La Memoria nel fango

Mostra Archivi

La Memoria nel fango
L’alluvione in Liguria e gli archivi

 

Inaugurazione della mostra
mercoledì 18 aprile, ore 17,30

 

dal 19 aprile al 4 maggio 2012
Archivio Storico del Comune di Genova, Palazzo Ducale, Genova

 

Intervengono
Francesca Imperiale, Soprintendente archivistico per la Liguria
Enrico Isola, Archivio Storico del Comune di Genova
Giustina Olgiati, Soprintendenza Archivistica per la Liguria

Evento a cura della Soprintendenza Archivistica per la Liguria,
in collaborazione con l’Archivio Storico del Comune di Genova.

 

Nell’autunno del 2011, nell’arco di dieci giorni, la Liguria è stata colpita da due alluvioni: la prima, il 25 ottobre nel Levante, la seconda, il 4 novembre a Genova.

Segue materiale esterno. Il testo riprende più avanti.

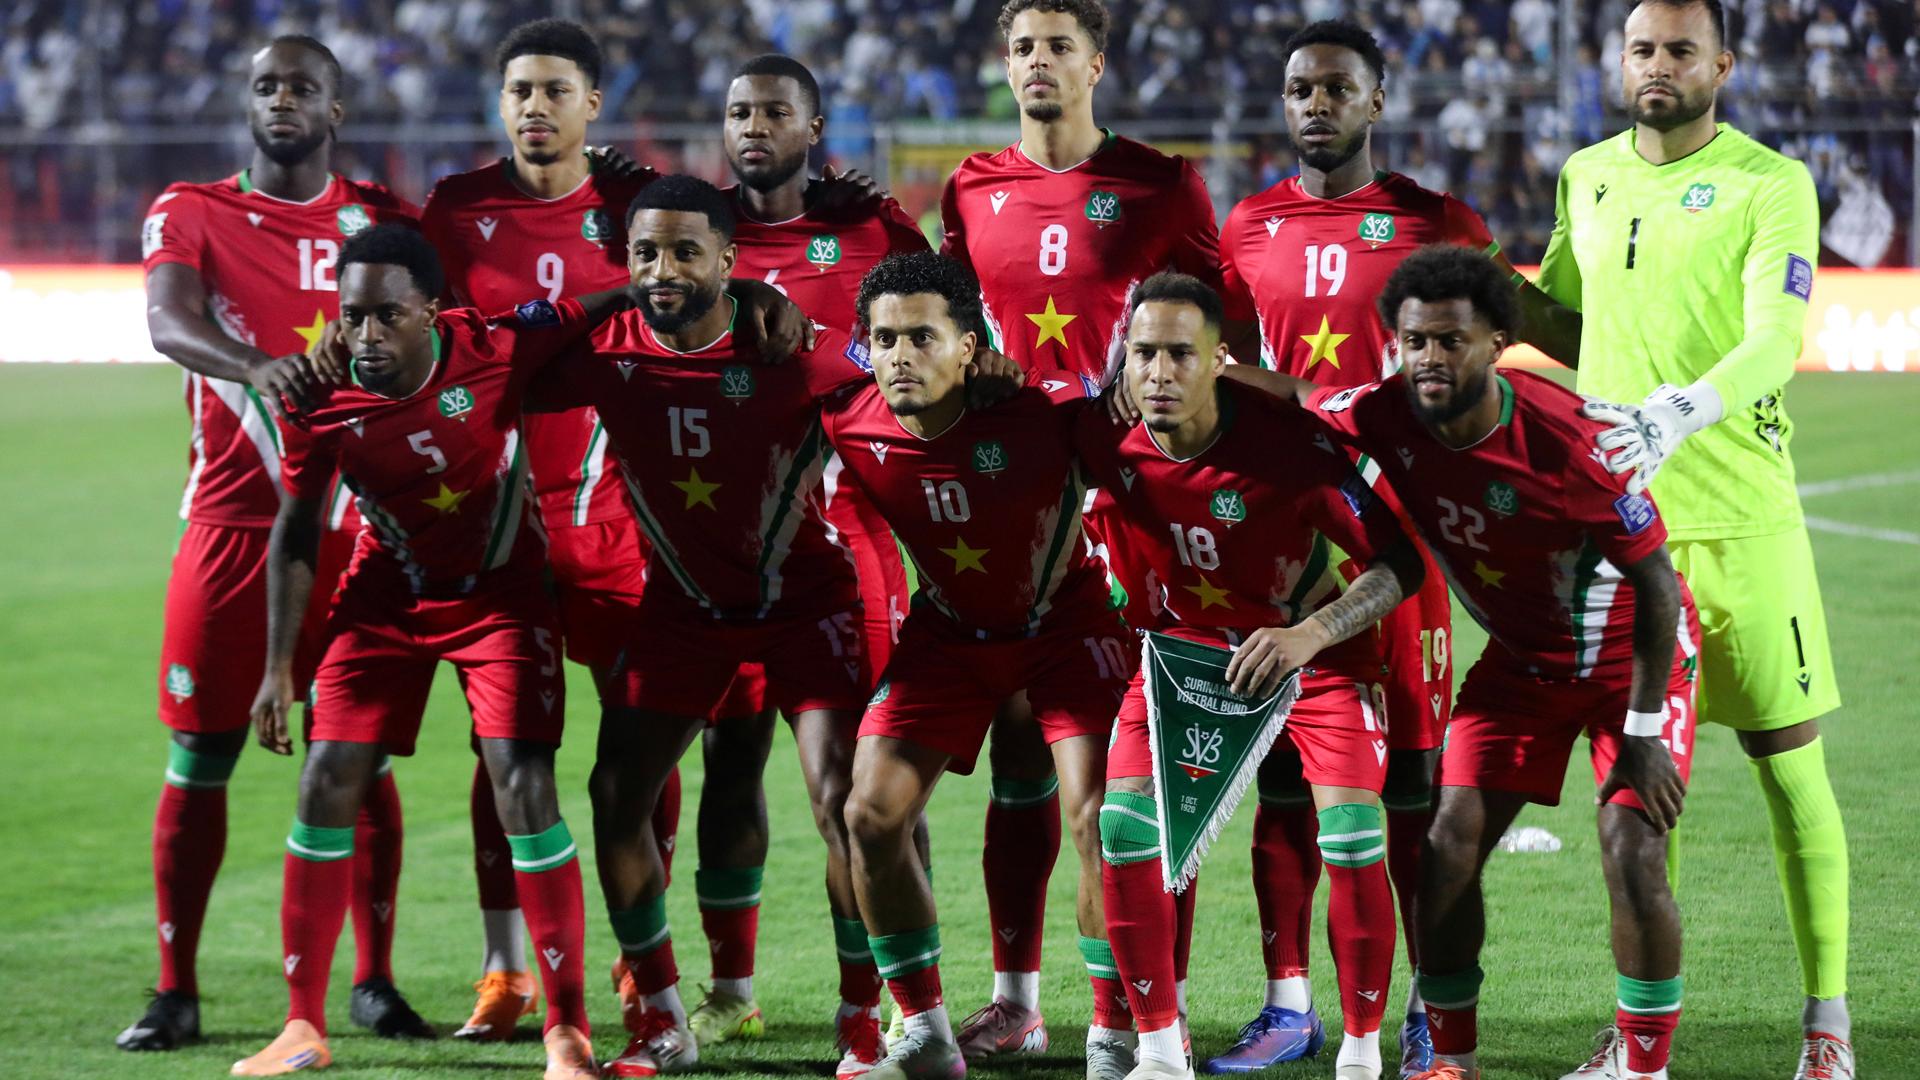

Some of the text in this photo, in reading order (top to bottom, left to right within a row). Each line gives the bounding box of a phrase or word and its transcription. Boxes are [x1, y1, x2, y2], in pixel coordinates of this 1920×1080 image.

Calamità di questo tipo, devastanti per persone e cose, sono estremamente dannose anche per gli archivi: le carte imbevute si compattano, gli inchiostri si sciolgono, il fango sporca e inquina, le muffe si diffondono ovunque.

Un archivio allagato è l’immagine di un disastro, ma molto si può fare, prima per evitare che gli archivi vengano colpiti e danneggiati, poi per eliminare solo quello che può essere scartato senza danni, e per recuperare tutto il resto.

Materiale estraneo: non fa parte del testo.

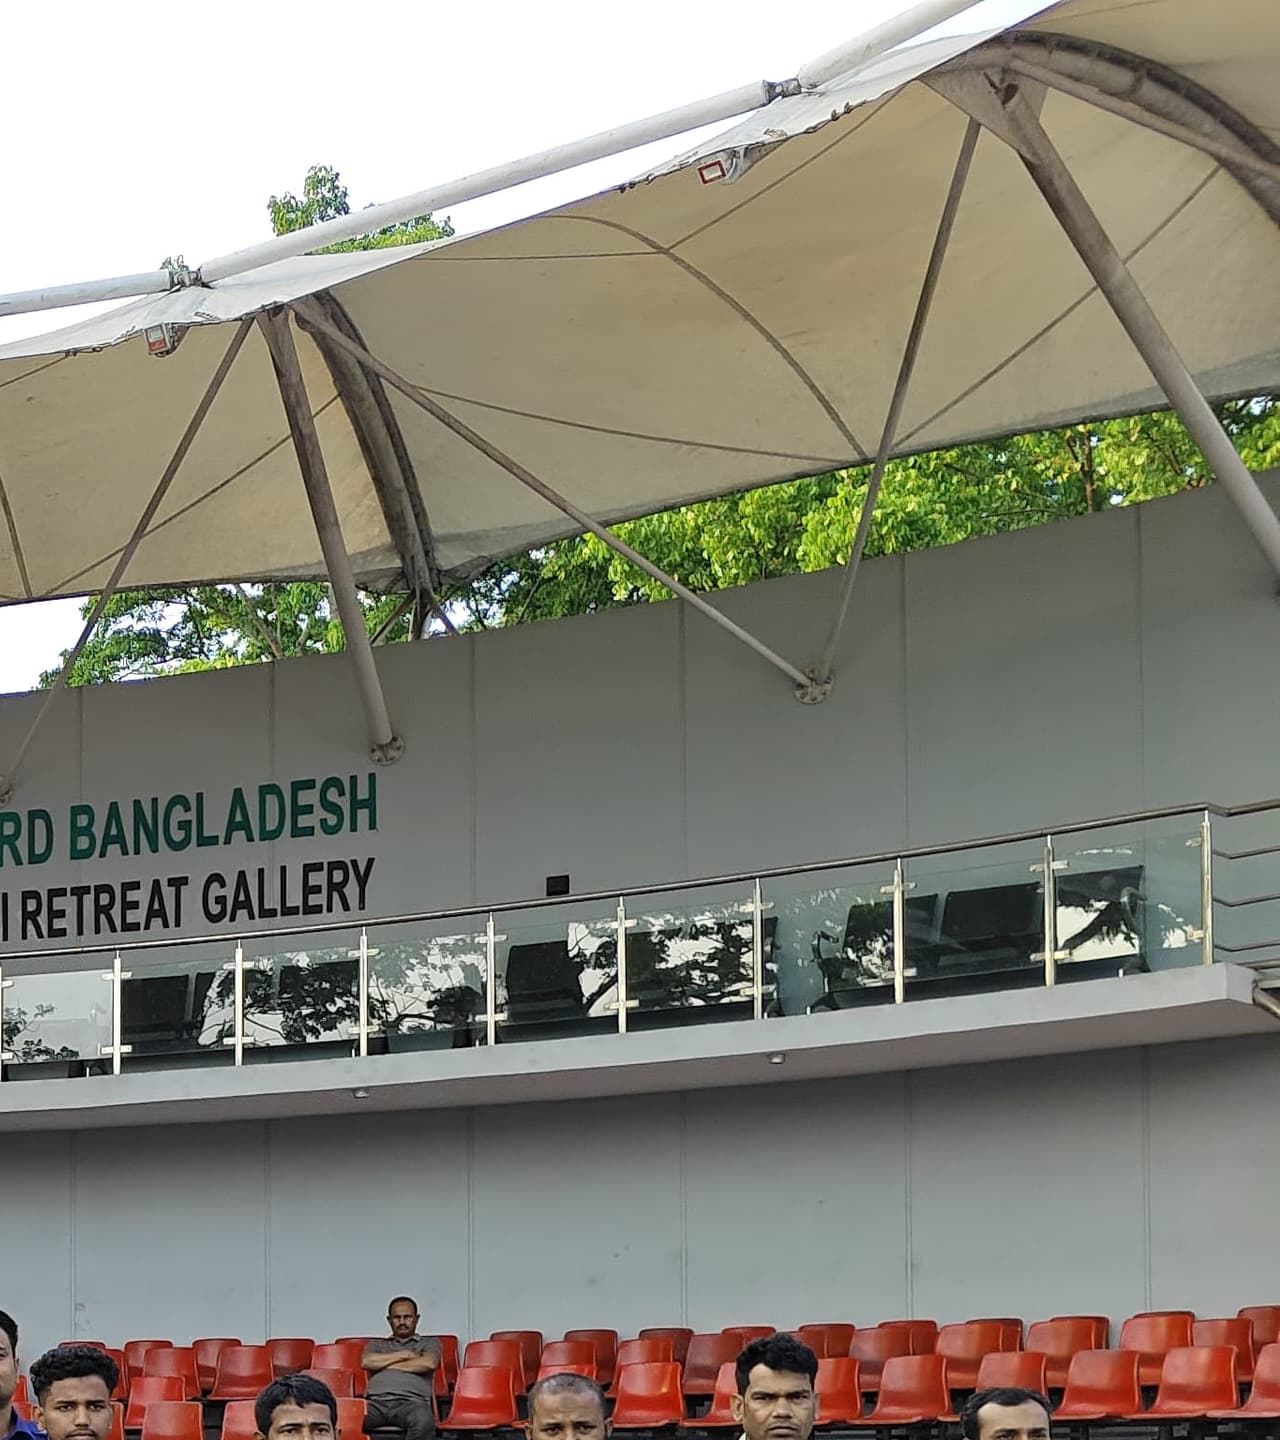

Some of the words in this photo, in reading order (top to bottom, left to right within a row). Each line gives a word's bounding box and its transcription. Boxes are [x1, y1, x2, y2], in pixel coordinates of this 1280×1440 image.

[69, 772, 378, 861] BANGLADESH
[21, 876, 189, 941] RETREAT
[201, 857, 376, 924] GALLERY

L’alluvione di Genova del 4 novembre ha avuto effetti devastanti per il patrimonio archivistico. Nel corso dei giorni immediatamente successivi le cifre del disastro sono apparse sempre più gigantesche, in un susseguirsi continuo di segnalazioni, sopralluoghi, interventi di prima emergenza. Erano stati invasi dall’acqua gli archivi del Polo didattico di Marassi e della Scuola Doria Pascoli; quello dell’Azienda Sanitaria Locale 3 Genovese; alcuni magazzini del Comune di Genova, che ospitavano anche la collezione dei manifesti del Teatro Stabile ed altra documentazione del Museo Biblioteca dell’Attore.

Grazie alla disponibilità del Comando dell’Esercito della Liguria la documentazione da asciugare è stata ricoverata in locali di una caserma in dismissione, dove le carte più danneggiate sono state congelate e conservate in cella frigorifera, in attesa dell’asciugatura tramite liofilizzazione. Un aiuto fondamentale è stato fornito anche da negozianti e tecnici, da alcuni “Angeli del fango”, dai restauratori che, contattati telefonicamente, hanno fornito le loro conoscenze al personale della Soprintendenza archivistica che operava materialmente sulla documentazione alluvionata.